3. Brush the ball of dough with a little oil and cover. Let rise an hour or so, until doubled in bulk. Punch down once or twice if desired (this is how you can adapt yeast dough to your own schedule!).
4. When ready to bake, cut off about a third of the dough and roll into a large rectangle. Spread with a third of the filling and roll and cut as for any cinnamon rolls. Place on a well-oiled baking sheet and allow to rise until again doubled in bulk, 40 to 55 minutes. Repeat with remaining dough.
5. Bake at 350 degrees for 12 to 18 minutes, depending on the size of the rolls.

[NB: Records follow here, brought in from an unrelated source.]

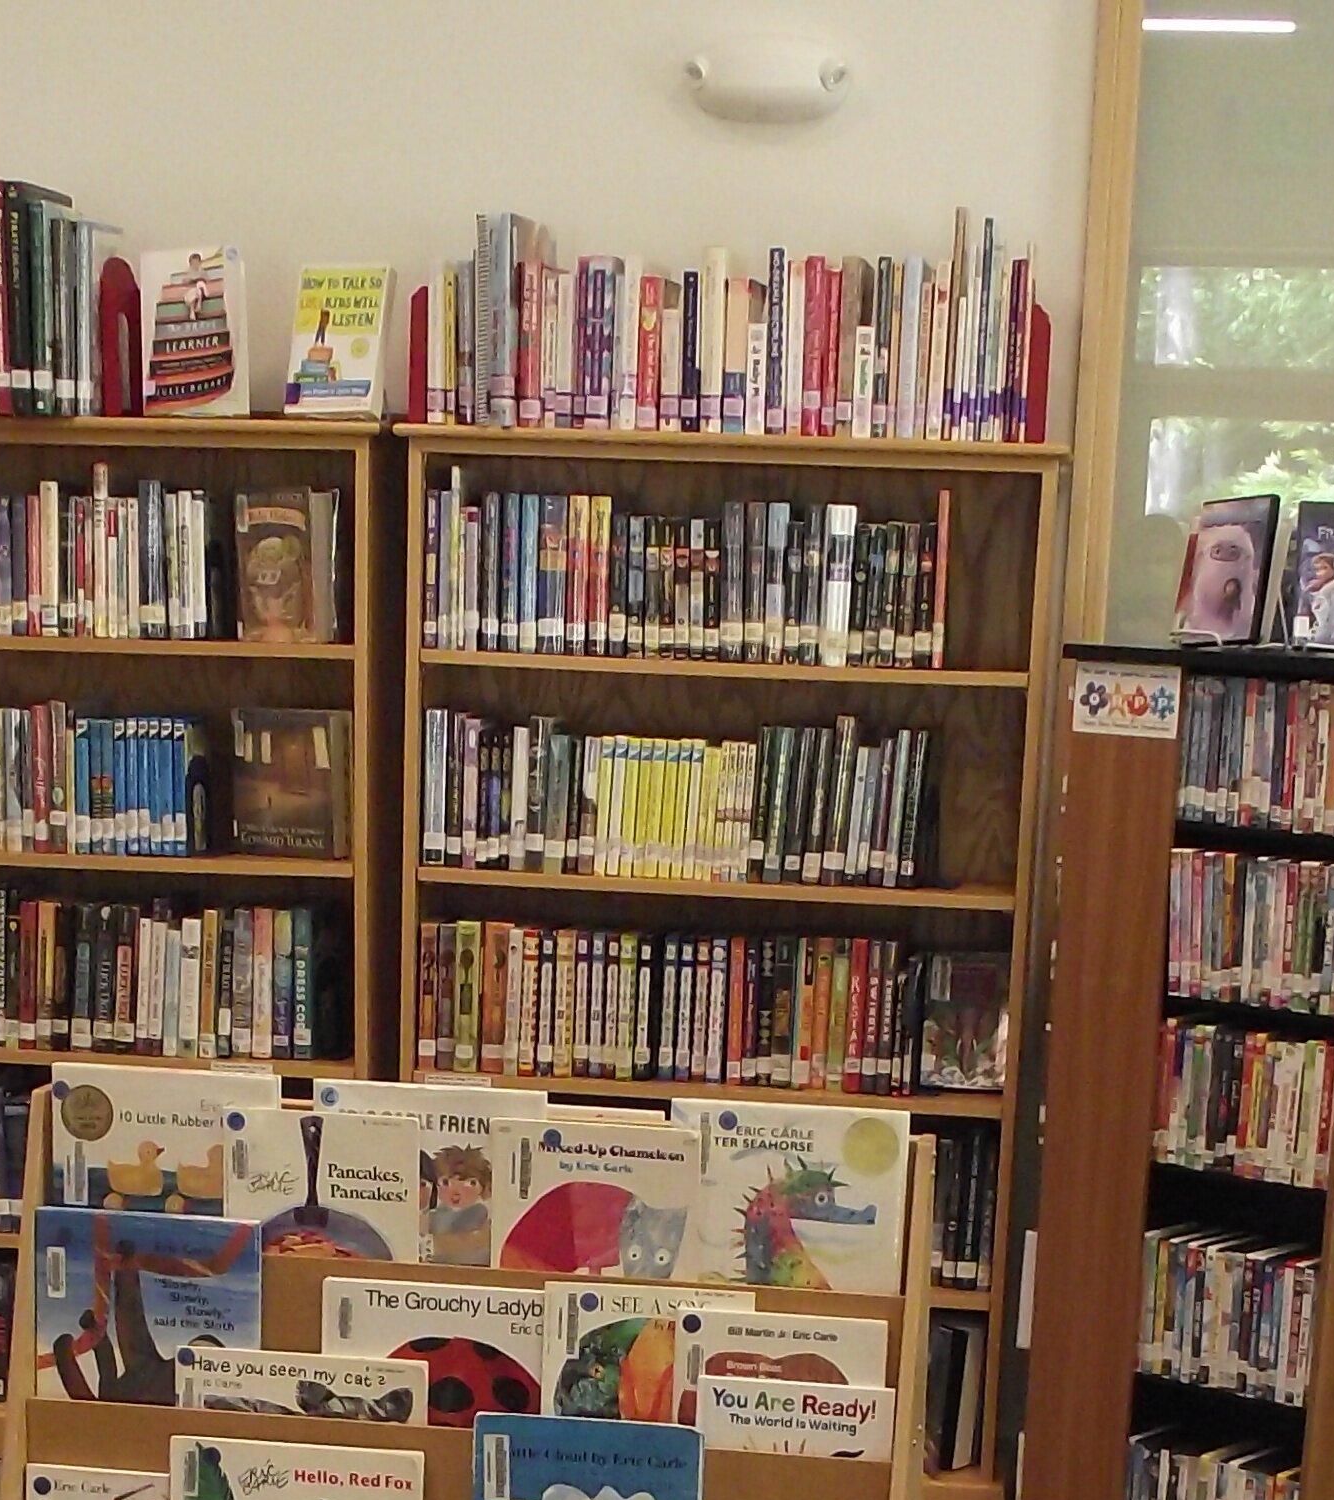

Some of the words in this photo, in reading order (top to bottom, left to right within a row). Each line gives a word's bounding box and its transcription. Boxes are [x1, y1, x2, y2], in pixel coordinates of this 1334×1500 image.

[332, 312, 375, 327] LISTEN
[119, 1110, 132, 1124] 10
[136, 1111, 167, 1125] Little
[171, 1114, 212, 1128] Rubber
[735, 1126, 765, 1137] ERIC
[770, 1127, 814, 1140] CARLE
[611, 1144, 685, 1162] Chameleon
[742, 1139, 814, 1152] SEAHORSE
[327, 1163, 404, 1184] Pancakes,
[330, 1183, 409, 1203] Pancakes!
[365, 1288, 401, 1310] The
[404, 1291, 481, 1317] Grouchy
[653, 1298, 662, 1314] A
[154, 1316, 176, 1327] said
[203, 1320, 235, 1331] Sloth
[510, 1322, 531, 1335] Eric
[745, 1326, 775, 1338] Martin
[792, 1330, 811, 1340] Eric
[813, 1331, 838, 1342] Carle
[192, 1356, 231, 1373] Have
[236, 1362, 264, 1377] you
[269, 1363, 307, 1378] seen
[314, 1368, 337, 1386] my
[712, 1387, 749, 1410] You
[755, 1390, 795, 1413] Are
[801, 1394, 877, 1422] Ready!
[730, 1412, 751, 1427] The
[754, 1414, 792, 1430] World
[808, 1419, 857, 1436] Waiting
[591, 1452, 607, 1466] by
[613, 1452, 644, 1467] Eric
[647, 1455, 687, 1469] Carle
[82, 1480, 110, 1495] Carle
[294, 1468, 345, 1488] Hello,
[349, 1472, 381, 1488] Red
[384, 1474, 413, 1490] Fox

If desired, part or all of the dough can be made into coffee cake instead of rolls. Roll and fill as for the cinnamon rolls, but do not cut. Instead, place the full roll on the baking sheet, forming it into a circle and sealing the ends together. Use a sharp knife or kitchen scissors to cut slashes every two inches or so, halfway into the roll. Allow to rise as for the rolls. Baking time will be longer than for the rolls, about 20 to 25 minutes
4 c diced apples, packed
1/2 c sugar
2 t cinnamon
3 T butter
Put apples, sugar, and cinnamon in microwave for 3 to 4 minutes on high. Stir once or twice if needed. Remove and stir in butter. Allow to cool before filling rolls.
If desired, 1/2 to 1 cup chopped walnuts can be added with the butter.